Saved data entries
>>>>

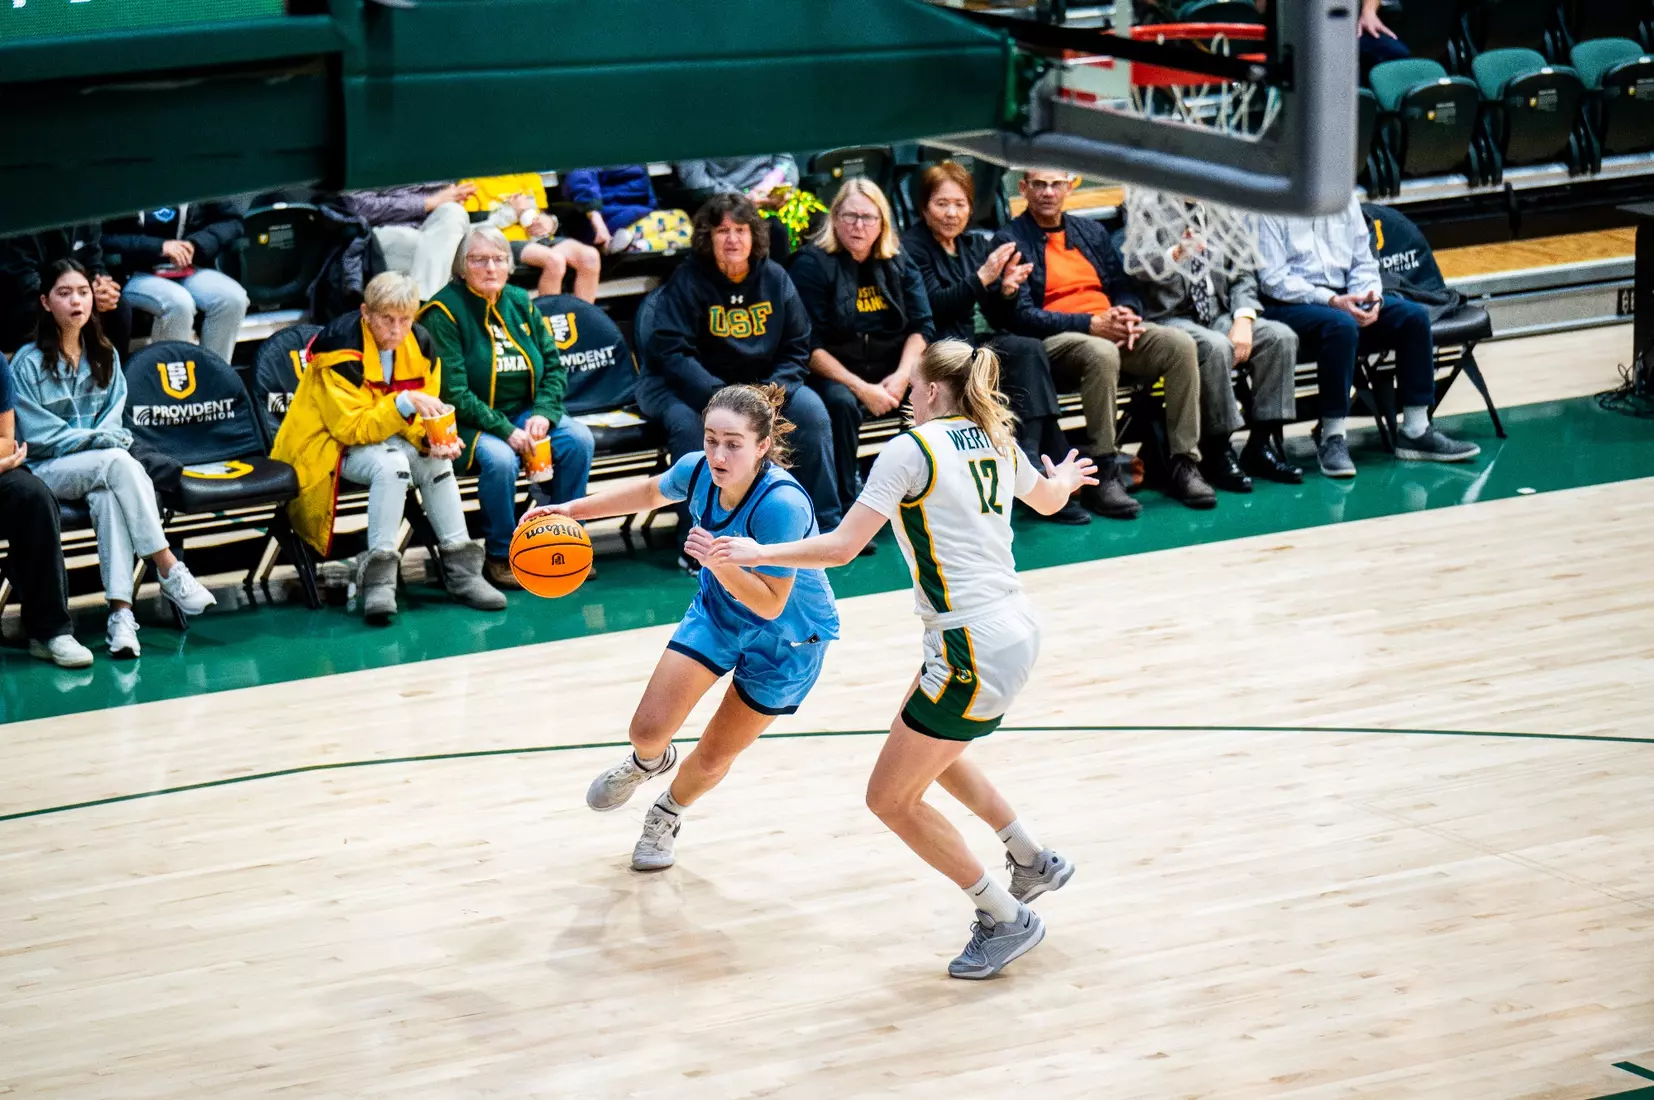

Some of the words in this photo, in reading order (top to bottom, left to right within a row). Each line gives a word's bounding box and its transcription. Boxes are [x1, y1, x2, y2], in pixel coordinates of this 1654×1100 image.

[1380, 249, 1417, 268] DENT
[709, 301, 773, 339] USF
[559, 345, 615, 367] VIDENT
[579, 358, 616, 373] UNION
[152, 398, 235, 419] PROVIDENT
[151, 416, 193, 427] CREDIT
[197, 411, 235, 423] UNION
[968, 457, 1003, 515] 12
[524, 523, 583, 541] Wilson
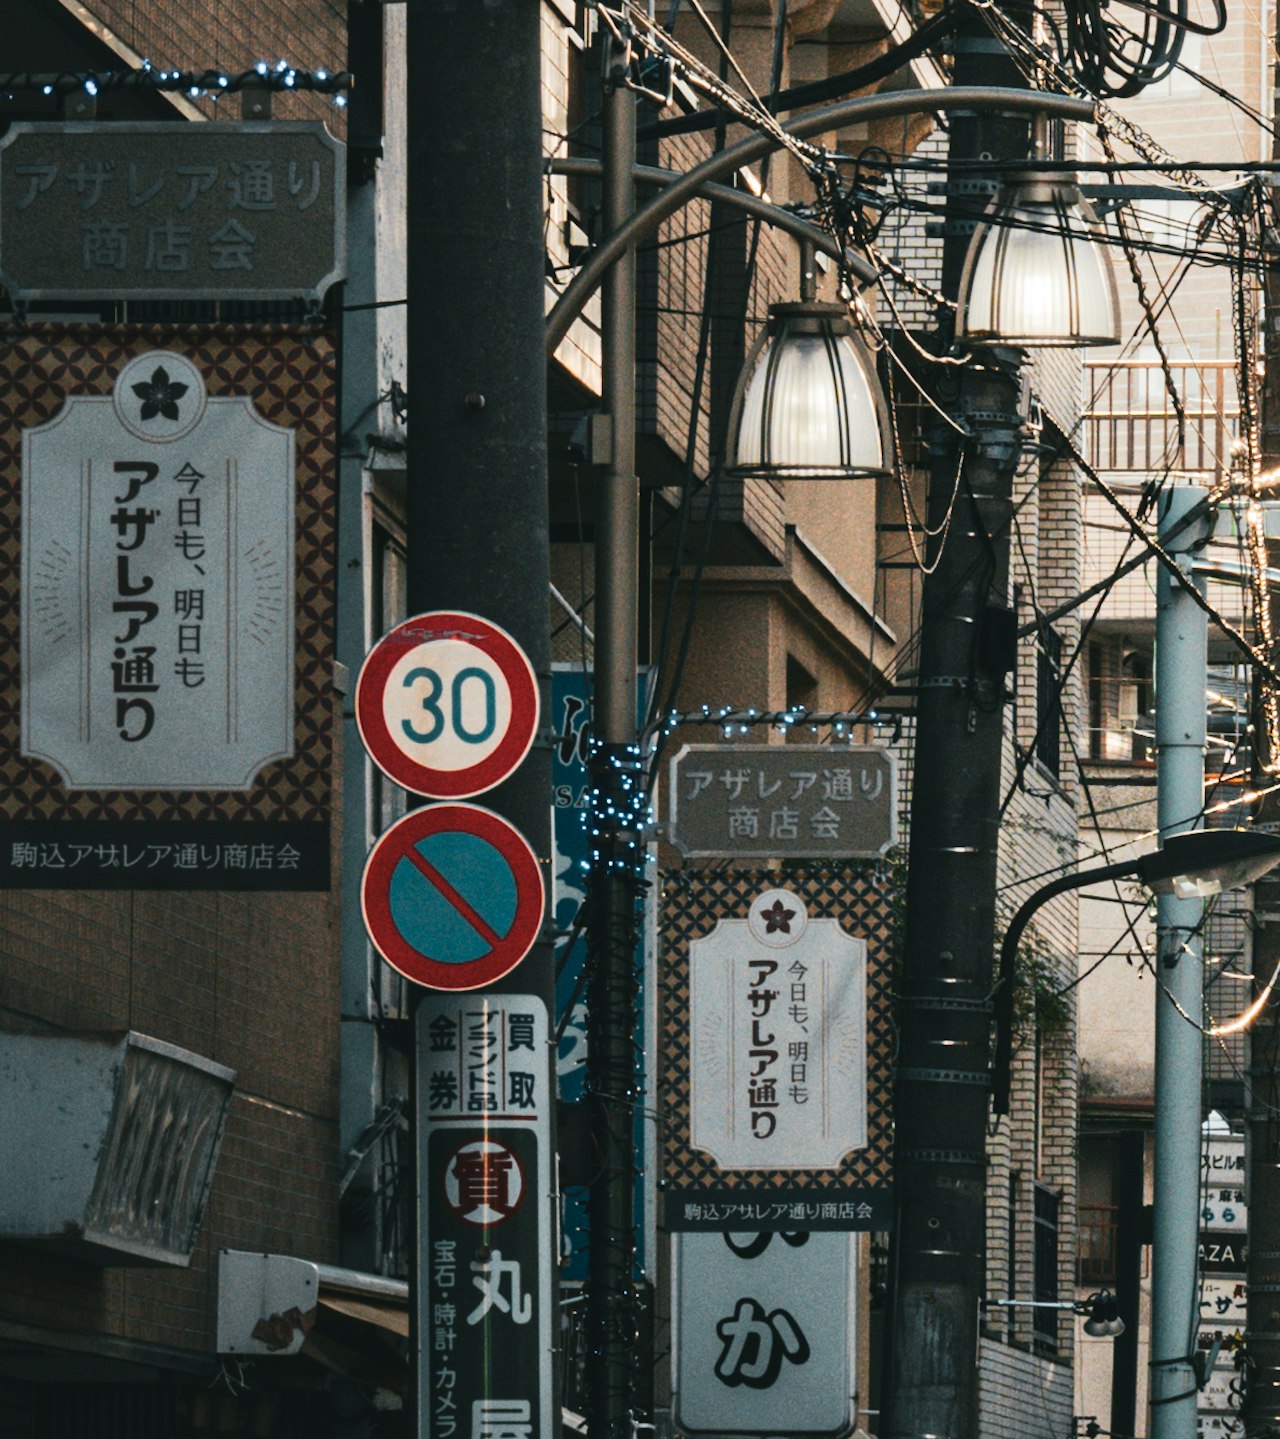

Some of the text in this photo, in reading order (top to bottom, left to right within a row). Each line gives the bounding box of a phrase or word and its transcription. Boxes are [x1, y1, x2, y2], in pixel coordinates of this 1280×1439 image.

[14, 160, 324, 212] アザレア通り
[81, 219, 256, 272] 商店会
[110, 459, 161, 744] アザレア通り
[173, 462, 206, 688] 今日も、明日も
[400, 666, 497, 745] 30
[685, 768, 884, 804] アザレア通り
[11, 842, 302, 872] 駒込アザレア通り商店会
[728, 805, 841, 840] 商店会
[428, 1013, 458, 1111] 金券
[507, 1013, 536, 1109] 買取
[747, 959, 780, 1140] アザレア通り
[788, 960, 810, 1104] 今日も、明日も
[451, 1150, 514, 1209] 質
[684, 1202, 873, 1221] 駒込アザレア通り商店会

<<<<

» REQUIRED WORK
Retype the entries verbatim and drop the pictures.

» WORKED SOLUTION
Some of the words in this photo, in reading order (top to bottom, left to right within a row). Each line gives a word's bounding box and its transcription. Boxes are [x1, y1, x2, y2], in pixel coordinates of this 1654×1100 image.

[1380, 249, 1417, 268] DENT
[709, 301, 773, 339] USF
[559, 345, 615, 367] VIDENT
[579, 358, 616, 373] UNION
[152, 398, 235, 419] PROVIDENT
[151, 416, 193, 427] CREDIT
[197, 411, 235, 423] UNION
[968, 457, 1003, 515] 12
[524, 523, 583, 541] Wilson

Some of the text in this photo, in reading order (top to bottom, left to right within a row). Each line gives the bounding box of a phrase or word and its transcription. Boxes are [x1, y1, x2, y2], in pixel coordinates of this 1280×1439 image.

[14, 160, 324, 212] アザレア通り
[81, 219, 256, 272] 商店会
[110, 459, 161, 744] アザレア通り
[173, 462, 206, 688] 今日も、明日も
[400, 666, 497, 745] 30
[685, 768, 884, 804] アザレア通り
[11, 842, 302, 872] 駒込アザレア通り商店会
[728, 805, 841, 840] 商店会
[428, 1013, 458, 1111] 金券
[507, 1013, 536, 1109] 買取
[747, 959, 780, 1140] アザレア通り
[788, 960, 810, 1104] 今日も、明日も
[451, 1150, 514, 1209] 質
[684, 1202, 873, 1221] 駒込アザレア通り商店会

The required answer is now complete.